*TASK DIRECTIONS*
Below is a block of records; repeat all of them exactly.

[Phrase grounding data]
■ ■ ■ ■ ■ ■ ■
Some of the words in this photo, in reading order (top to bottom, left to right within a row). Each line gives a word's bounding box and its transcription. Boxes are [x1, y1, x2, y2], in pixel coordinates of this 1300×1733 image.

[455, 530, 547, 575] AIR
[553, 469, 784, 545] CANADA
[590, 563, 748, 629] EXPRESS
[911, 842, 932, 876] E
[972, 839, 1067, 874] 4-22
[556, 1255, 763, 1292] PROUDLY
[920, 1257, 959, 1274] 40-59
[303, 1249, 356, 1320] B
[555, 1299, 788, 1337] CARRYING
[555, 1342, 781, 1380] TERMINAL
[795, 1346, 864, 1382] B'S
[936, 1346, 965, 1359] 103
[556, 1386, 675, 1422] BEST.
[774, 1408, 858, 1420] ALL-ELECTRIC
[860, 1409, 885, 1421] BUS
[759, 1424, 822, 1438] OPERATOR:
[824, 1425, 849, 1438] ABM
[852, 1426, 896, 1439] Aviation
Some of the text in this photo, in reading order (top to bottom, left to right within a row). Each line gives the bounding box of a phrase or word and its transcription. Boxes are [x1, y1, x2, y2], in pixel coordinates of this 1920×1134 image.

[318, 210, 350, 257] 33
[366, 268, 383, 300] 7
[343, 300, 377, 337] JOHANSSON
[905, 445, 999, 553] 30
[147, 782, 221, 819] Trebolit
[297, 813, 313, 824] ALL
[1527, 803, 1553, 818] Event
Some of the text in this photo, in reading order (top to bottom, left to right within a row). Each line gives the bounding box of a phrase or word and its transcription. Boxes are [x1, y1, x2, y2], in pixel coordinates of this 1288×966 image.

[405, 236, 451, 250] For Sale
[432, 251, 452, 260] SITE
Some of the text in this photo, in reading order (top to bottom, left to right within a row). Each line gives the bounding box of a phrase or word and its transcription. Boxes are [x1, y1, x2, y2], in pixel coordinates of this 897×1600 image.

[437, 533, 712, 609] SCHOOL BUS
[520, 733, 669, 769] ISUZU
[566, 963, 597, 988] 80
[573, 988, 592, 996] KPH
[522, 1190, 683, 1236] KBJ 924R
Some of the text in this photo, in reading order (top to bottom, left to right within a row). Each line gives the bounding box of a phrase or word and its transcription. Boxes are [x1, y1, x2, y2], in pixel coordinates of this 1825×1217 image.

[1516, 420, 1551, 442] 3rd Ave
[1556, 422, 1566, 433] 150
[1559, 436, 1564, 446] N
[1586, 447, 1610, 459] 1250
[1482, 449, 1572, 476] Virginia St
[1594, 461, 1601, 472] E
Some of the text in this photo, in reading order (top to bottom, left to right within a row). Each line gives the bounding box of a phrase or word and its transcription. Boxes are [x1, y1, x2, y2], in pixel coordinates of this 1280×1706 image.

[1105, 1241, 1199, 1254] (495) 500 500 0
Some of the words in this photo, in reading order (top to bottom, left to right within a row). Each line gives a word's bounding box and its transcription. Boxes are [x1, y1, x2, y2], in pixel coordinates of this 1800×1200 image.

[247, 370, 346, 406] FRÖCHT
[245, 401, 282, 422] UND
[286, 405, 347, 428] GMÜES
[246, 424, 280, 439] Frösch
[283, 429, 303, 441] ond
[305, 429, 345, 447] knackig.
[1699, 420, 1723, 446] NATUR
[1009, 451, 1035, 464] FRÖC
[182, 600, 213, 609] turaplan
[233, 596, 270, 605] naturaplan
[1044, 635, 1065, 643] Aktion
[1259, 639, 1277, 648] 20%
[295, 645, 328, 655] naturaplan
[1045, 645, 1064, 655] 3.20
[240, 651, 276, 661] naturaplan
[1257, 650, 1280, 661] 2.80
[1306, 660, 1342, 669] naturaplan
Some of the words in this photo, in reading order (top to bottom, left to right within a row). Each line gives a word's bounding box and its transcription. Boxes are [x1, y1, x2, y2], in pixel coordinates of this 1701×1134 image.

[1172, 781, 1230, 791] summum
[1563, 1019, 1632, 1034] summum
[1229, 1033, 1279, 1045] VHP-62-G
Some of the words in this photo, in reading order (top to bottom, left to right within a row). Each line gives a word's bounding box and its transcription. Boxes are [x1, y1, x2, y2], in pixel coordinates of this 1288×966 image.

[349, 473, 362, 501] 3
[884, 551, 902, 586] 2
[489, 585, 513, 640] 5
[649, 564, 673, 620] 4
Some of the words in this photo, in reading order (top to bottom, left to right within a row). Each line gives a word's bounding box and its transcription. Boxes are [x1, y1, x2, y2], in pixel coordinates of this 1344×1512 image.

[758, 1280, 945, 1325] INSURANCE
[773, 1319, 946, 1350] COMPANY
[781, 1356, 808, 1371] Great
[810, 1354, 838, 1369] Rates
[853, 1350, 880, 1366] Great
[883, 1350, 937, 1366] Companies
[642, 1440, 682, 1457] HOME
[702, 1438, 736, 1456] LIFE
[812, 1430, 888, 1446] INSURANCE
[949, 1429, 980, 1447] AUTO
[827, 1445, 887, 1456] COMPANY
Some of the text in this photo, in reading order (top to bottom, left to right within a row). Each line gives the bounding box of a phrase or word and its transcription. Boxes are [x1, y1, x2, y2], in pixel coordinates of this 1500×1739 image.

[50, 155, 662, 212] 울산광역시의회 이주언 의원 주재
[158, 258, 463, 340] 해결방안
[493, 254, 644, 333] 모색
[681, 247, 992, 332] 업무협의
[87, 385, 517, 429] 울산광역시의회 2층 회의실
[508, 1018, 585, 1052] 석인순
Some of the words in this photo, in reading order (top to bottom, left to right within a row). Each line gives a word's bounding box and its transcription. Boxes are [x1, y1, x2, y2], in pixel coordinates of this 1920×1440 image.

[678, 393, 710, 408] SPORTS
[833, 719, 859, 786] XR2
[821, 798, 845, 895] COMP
■ ■ ■ ■ ■ ■ ■
*COMPLETED EXERCISE*
Some of the words in this photo, in reading order (top to bottom, left to right within a row). Each line gives a word's bounding box and its transcription. Boxes are [x1, y1, x2, y2], in pixel coordinates of this 1300×1733 image.

[455, 530, 547, 575] AIR
[553, 469, 784, 545] CANADA
[590, 563, 748, 629] EXPRESS
[911, 842, 932, 876] E
[972, 839, 1067, 874] 4-22
[556, 1255, 763, 1292] PROUDLY
[920, 1257, 959, 1274] 40-59
[303, 1249, 356, 1320] B
[555, 1299, 788, 1337] CARRYING
[555, 1342, 781, 1380] TERMINAL
[795, 1346, 864, 1382] B'S
[936, 1346, 965, 1359] 103
[556, 1386, 675, 1422] BEST.
[774, 1408, 858, 1420] ALL-ELECTRIC
[860, 1409, 885, 1421] BUS
[759, 1424, 822, 1438] OPERATOR:
[824, 1425, 849, 1438] ABM
[852, 1426, 896, 1439] Aviation
Some of the text in this photo, in reading order (top to bottom, left to right within a row). Each line gives the bounding box of a phrase or word and its transcription. Boxes are [x1, y1, x2, y2], in pixel coordinates of this 1920×1134 image.

[318, 210, 350, 257] 33
[366, 268, 383, 300] 7
[343, 300, 377, 337] JOHANSSON
[905, 445, 999, 553] 30
[147, 782, 221, 819] Trebolit
[297, 813, 313, 824] ALL
[1527, 803, 1553, 818] Event
Some of the text in this photo, in reading order (top to bottom, left to right within a row). Each line gives the bounding box of a phrase or word and its transcription. Boxes are [x1, y1, x2, y2], in pixel coordinates of this 1288×966 image.

[405, 236, 451, 250] For Sale
[432, 251, 452, 260] SITE
Some of the text in this photo, in reading order (top to bottom, left to right within a row). Each line gives the bounding box of a phrase or word and its transcription. Boxes are [x1, y1, x2, y2], in pixel coordinates of this 897×1600 image.

[437, 533, 712, 609] SCHOOL BUS
[520, 733, 669, 769] ISUZU
[566, 963, 597, 988] 80
[573, 988, 592, 996] KPH
[522, 1190, 683, 1236] KBJ 924R
Some of the text in this photo, in reading order (top to bottom, left to right within a row). Each line gives the bounding box of a phrase or word and its transcription. Boxes are [x1, y1, x2, y2], in pixel coordinates of this 1825×1217 image.

[1516, 420, 1551, 442] 3rd Ave
[1556, 422, 1566, 433] 150
[1559, 436, 1564, 446] N
[1586, 447, 1610, 459] 1250
[1482, 449, 1572, 476] Virginia St
[1594, 461, 1601, 472] E
Some of the text in this photo, in reading order (top to bottom, left to right within a row). Each line gives the bounding box of a phrase or word and its transcription. Boxes are [x1, y1, x2, y2], in pixel coordinates of this 1280×1706 image.

[1105, 1241, 1199, 1254] (495) 500 500 0
Some of the words in this photo, in reading order (top to bottom, left to right within a row). Each line gives a word's bounding box and its transcription. Boxes are [x1, y1, x2, y2], in pixel coordinates of this 1800×1200 image.

[247, 370, 346, 406] FRÖCHT
[245, 401, 282, 422] UND
[286, 405, 347, 428] GMÜES
[246, 424, 280, 439] Frösch
[283, 429, 303, 441] ond
[305, 429, 345, 447] knackig.
[1699, 420, 1723, 446] NATUR
[1009, 451, 1035, 464] FRÖC
[182, 600, 213, 609] turaplan
[233, 596, 270, 605] naturaplan
[1044, 635, 1065, 643] Aktion
[1259, 639, 1277, 648] 20%
[295, 645, 328, 655] naturaplan
[1045, 645, 1064, 655] 3.20
[240, 651, 276, 661] naturaplan
[1257, 650, 1280, 661] 2.80
[1306, 660, 1342, 669] naturaplan
Some of the words in this photo, in reading order (top to bottom, left to right within a row). Each line gives a word's bounding box and its transcription. Boxes are [x1, y1, x2, y2], in pixel coordinates of this 1701×1134 image.

[1172, 781, 1230, 791] summum
[1563, 1019, 1632, 1034] summum
[1229, 1033, 1279, 1045] VHP-62-G
Some of the words in this photo, in reading order (top to bottom, left to right within a row). Each line gives a word's bounding box and its transcription. Boxes are [x1, y1, x2, y2], in pixel coordinates of this 1288×966 image.

[349, 473, 362, 501] 3
[884, 551, 902, 586] 2
[489, 585, 513, 640] 5
[649, 564, 673, 620] 4
Some of the words in this photo, in reading order (top to bottom, left to right within a row). Each line gives a word's bounding box and its transcription. Boxes are [x1, y1, x2, y2], in pixel coordinates of this 1344×1512 image.

[758, 1280, 945, 1325] INSURANCE
[773, 1319, 946, 1350] COMPANY
[781, 1356, 808, 1371] Great
[810, 1354, 838, 1369] Rates
[853, 1350, 880, 1366] Great
[883, 1350, 937, 1366] Companies
[642, 1440, 682, 1457] HOME
[702, 1438, 736, 1456] LIFE
[812, 1430, 888, 1446] INSURANCE
[949, 1429, 980, 1447] AUTO
[827, 1445, 887, 1456] COMPANY
Some of the text in this photo, in reading order (top to bottom, left to right within a row). Each line gives the bounding box of a phrase or word and its transcription. Boxes are [x1, y1, x2, y2], in pixel coordinates of this 1500×1739 image.

[50, 155, 662, 212] 울산광역시의회 이주언 의원 주재
[158, 258, 463, 340] 해결방안
[493, 254, 644, 333] 모색
[681, 247, 992, 332] 업무협의
[87, 385, 517, 429] 울산광역시의회 2층 회의실
[508, 1018, 585, 1052] 석인순
Some of the words in this photo, in reading order (top to bottom, left to right within a row). Each line gives a word's bounding box and its transcription. Boxes are [x1, y1, x2, y2], in pixel coordinates of this 1920×1440 image.

[678, 393, 710, 408] SPORTS
[833, 719, 859, 786] XR2
[821, 798, 845, 895] COMP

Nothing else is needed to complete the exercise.